[Stored items from a collection]
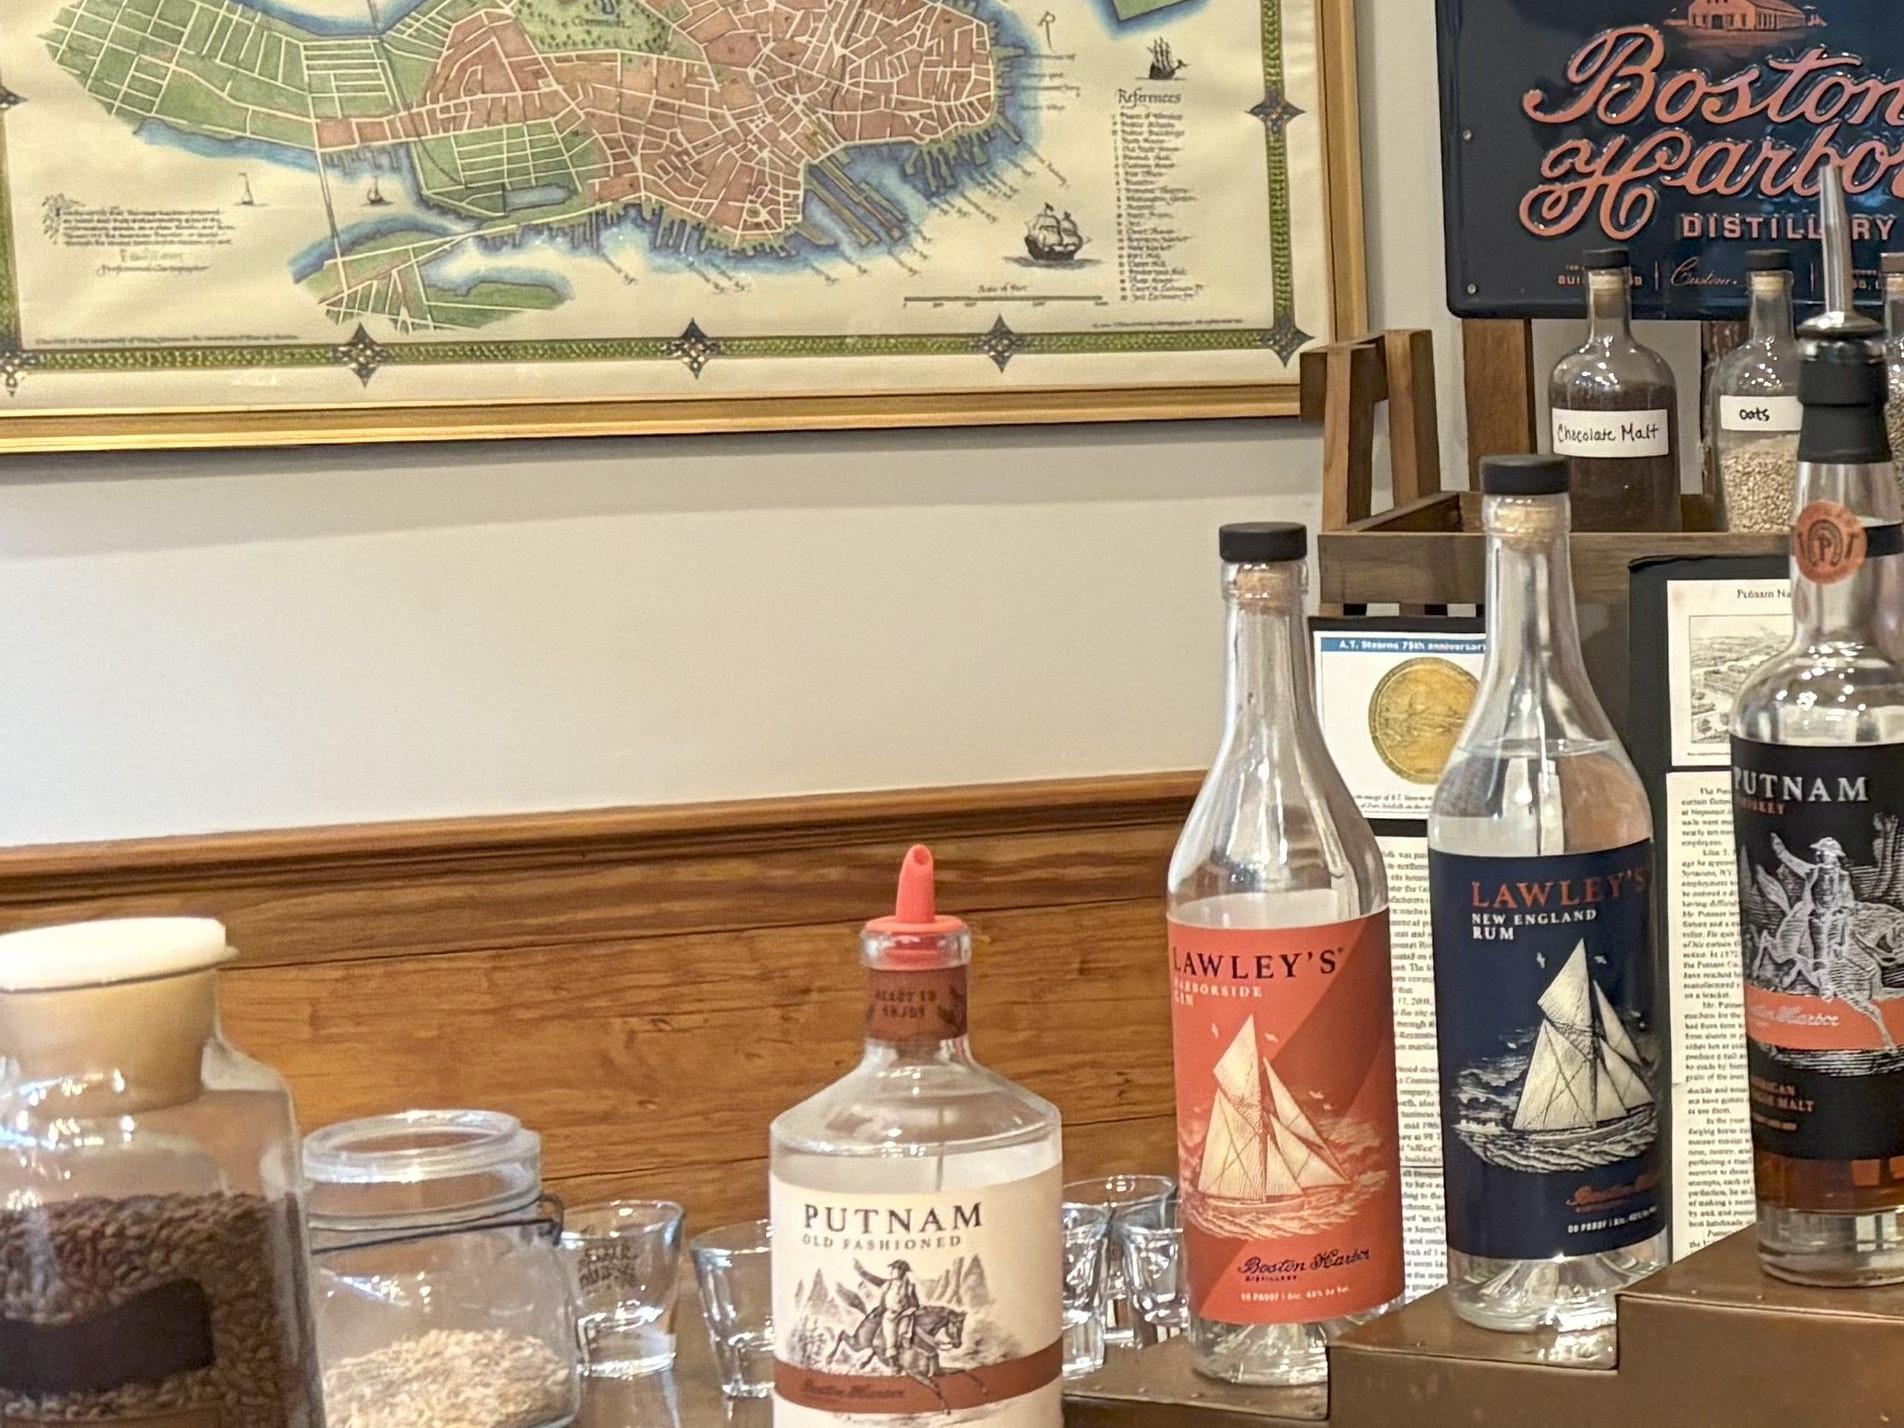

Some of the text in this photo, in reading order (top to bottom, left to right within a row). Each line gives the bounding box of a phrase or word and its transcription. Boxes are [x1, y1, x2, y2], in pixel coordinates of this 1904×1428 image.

[1117, 86, 1183, 110] References
[1681, 213, 1897, 241] DISTILLRY
[1738, 408, 1770, 422] oats
[1556, 422, 1660, 443] Chocolate Malt
[1732, 765, 1870, 803] PUTNAM
[1471, 908, 1597, 926] NEW ENGLAND
[1472, 925, 1515, 941] RUM
[803, 1201, 984, 1235] PUTNAM
[802, 1233, 962, 1252] OLD FASHIONED
[1237, 1248, 1370, 1275] Boston Harbor

- **WORK TASK**: Since the pictures are not wanted, set down only the rest of each record, exactly as above.

- **SOLUTION FOR THIS EXERCISE**:
Some of the text in this photo, in reading order (top to bottom, left to right within a row). Each line gives the bounding box of a phrase or word and its transcription. Boxes are [x1, y1, x2, y2], in pixel coordinates of this 1904×1428 image.

[1117, 86, 1183, 110] References
[1681, 213, 1897, 241] DISTILLRY
[1738, 408, 1770, 422] oats
[1556, 422, 1660, 443] Chocolate Malt
[1732, 765, 1870, 803] PUTNAM
[1471, 908, 1597, 926] NEW ENGLAND
[1472, 925, 1515, 941] RUM
[803, 1201, 984, 1235] PUTNAM
[802, 1233, 962, 1252] OLD FASHIONED
[1237, 1248, 1370, 1275] Boston Harbor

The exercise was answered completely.